Some of the pitfalls, however, include stiff competition and potentially large entrance fees. The number of contest entrants may range in the hundreds, even thousands, with only one or two lucky few rising to the top. Then, after paying the big bucks, contest submissions come with an added worry that the work may or may not be given the attention the writer feels it deserves. There is no sure-fire way to predict who will read it or how they will respond to it. The mystery is part of the excitement or the anxiety.

So, what about the industry side of contests? 

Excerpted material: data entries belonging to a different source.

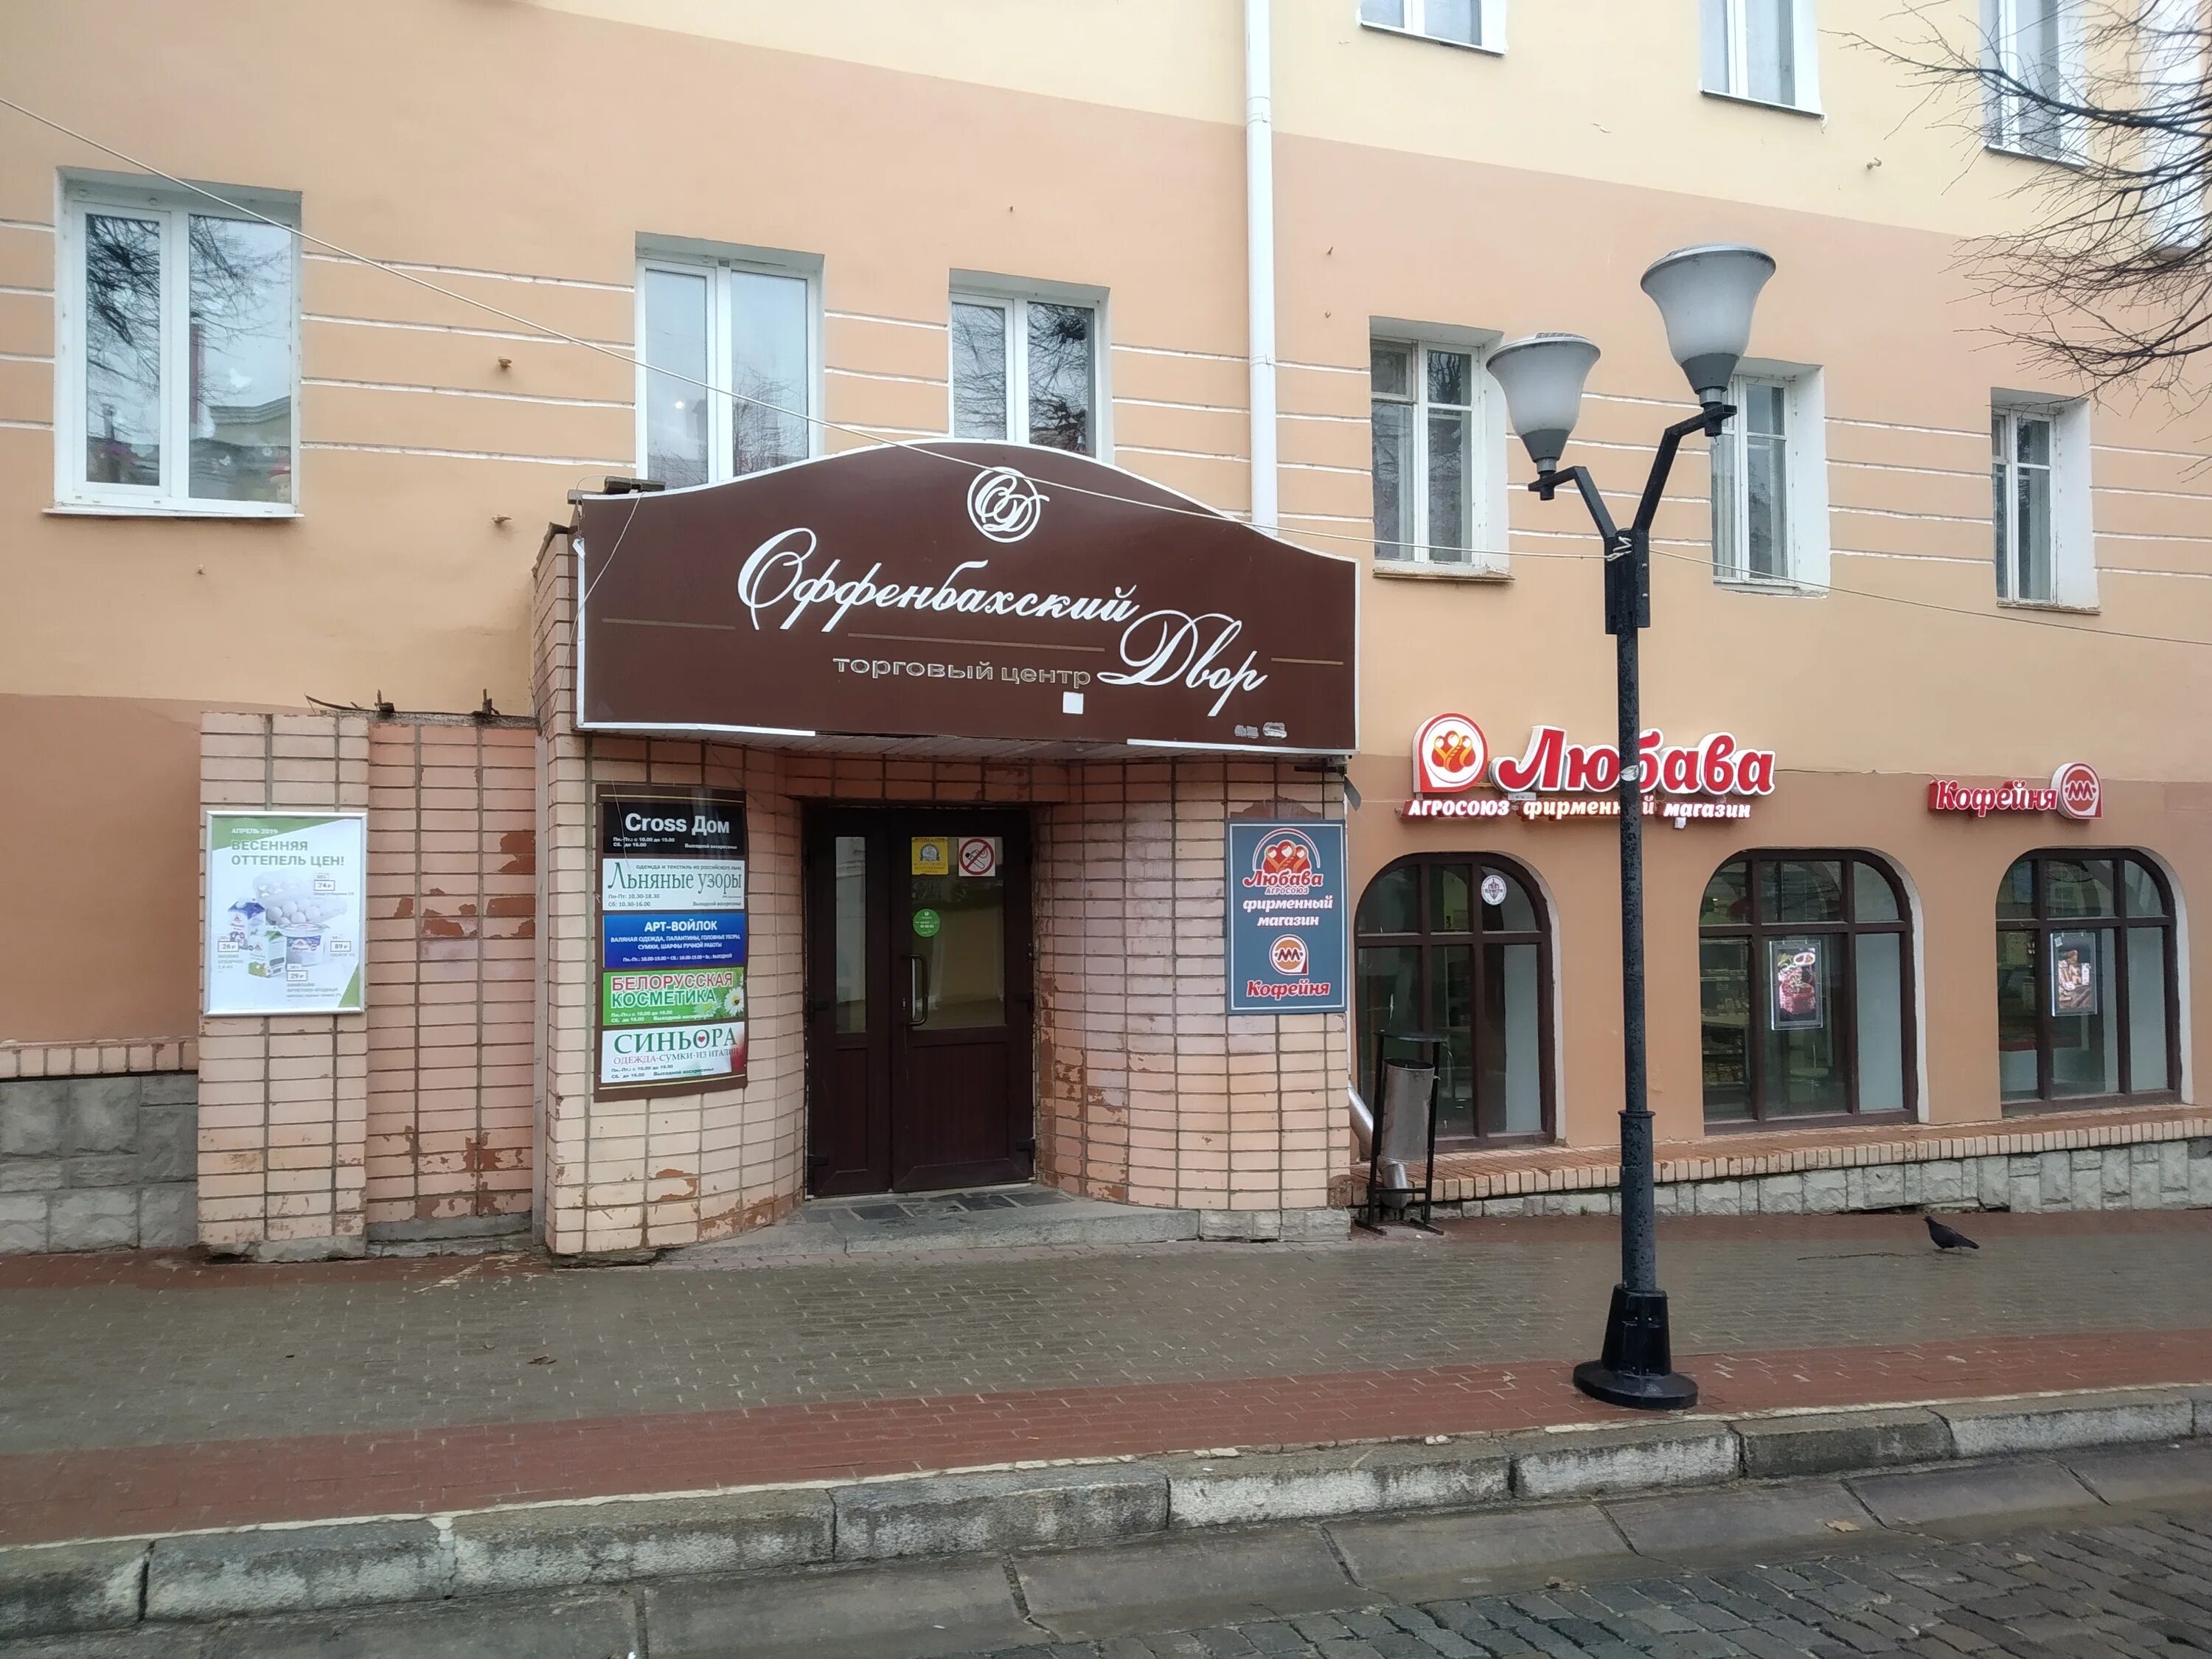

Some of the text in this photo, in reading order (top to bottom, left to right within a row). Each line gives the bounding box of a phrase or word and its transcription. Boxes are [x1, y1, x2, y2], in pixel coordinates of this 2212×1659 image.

[738, 526, 1143, 633] Оффенбахский
[832, 658, 1091, 689] торговый центр
[1096, 610, 1268, 717] Двор
[1408, 795, 1751, 819] АГРОСОЮЗ фирменнй магазин
[1935, 779, 2059, 818] Кофейня
[625, 813, 729, 836] Cross Дом
[232, 841, 308, 851] ВЕСЕННЯЯ
[231, 855, 344, 868] ОТТЕПЕЛЬ ЦЕН!
[608, 862, 742, 894] Льняные узоры
[1242, 868, 1324, 888] Любава
[1265, 886, 1310, 895] АГРОСОЮЗ
[1242, 894, 1334, 913] фирменный
[644, 919, 717, 932] АРТ-ВОЙЛОК
[1256, 916, 1319, 927] магазин
[611, 972, 733, 992] БЕЛОРУССКАЯ
[1246, 978, 1331, 1001] Кофейня
[611, 989, 716, 1009] КОСМЕТИКА
[614, 1027, 737, 1054] СИНЬОРА

It might surprise many writers to know that on average, hosts are losing money with each contest they hold. Between the cost of advertisements, submission readers, payouts, and other related expenses, many contest hosts are barely making ends meet. But with that being said, they still rely on contests to provide a level of reader and writer engagement and loyalty and open new avenues for readership. Often, if a writer enters a contest for a literary magazine, they are also a reader of that journal and want to continue to read and support their efforts.

Even though it is costing both sides money, contests are still in the spotlight and don’t seem to be going away any time soon. Each year Poets & Writers devotes an entire issue to contests and a special section in each monthly classifieds section. Likewise, Writer’s Digest features regular articles on the subject and hosts annual contests in multiple genres to keep writers writing and submitting. Both of these journals offer similar information on their websites for easy access and up-to-date information.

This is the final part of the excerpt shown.